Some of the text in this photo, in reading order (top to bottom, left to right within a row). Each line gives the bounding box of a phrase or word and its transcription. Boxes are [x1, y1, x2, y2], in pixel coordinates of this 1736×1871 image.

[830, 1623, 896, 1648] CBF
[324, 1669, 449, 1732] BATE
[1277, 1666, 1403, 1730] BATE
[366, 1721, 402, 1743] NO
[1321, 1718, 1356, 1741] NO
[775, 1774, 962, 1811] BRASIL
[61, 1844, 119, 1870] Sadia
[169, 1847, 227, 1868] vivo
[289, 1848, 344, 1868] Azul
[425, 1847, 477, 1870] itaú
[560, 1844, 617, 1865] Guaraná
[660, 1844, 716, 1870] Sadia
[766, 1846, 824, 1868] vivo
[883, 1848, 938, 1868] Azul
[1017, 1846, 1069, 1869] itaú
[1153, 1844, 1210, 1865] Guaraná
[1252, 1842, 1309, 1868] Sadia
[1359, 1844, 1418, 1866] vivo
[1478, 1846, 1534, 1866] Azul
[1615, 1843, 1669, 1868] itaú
****************************************
#### Goal of the exercise
Copy the whole listing above once more, character for character.

#### Result below
Some of the text in this photo, in reading order (top to bottom, left to right within a row). Each line gives the bounding box of a phrase or word and its transcription. Boxes are [x1, y1, x2, y2], in pixel coordinates of this 1736×1871 image.

[830, 1623, 896, 1648] CBF
[324, 1669, 449, 1732] BATE
[1277, 1666, 1403, 1730] BATE
[366, 1721, 402, 1743] NO
[1321, 1718, 1356, 1741] NO
[775, 1774, 962, 1811] BRASIL
[61, 1844, 119, 1870] Sadia
[169, 1847, 227, 1868] vivo
[289, 1848, 344, 1868] Azul
[425, 1847, 477, 1870] itaú
[560, 1844, 617, 1865] Guaraná
[660, 1844, 716, 1870] Sadia
[766, 1846, 824, 1868] vivo
[883, 1848, 938, 1868] Azul
[1017, 1846, 1069, 1869] itaú
[1153, 1844, 1210, 1865] Guaraná
[1252, 1842, 1309, 1868] Sadia
[1359, 1844, 1418, 1866] vivo
[1478, 1846, 1534, 1866] Azul
[1615, 1843, 1669, 1868] itaú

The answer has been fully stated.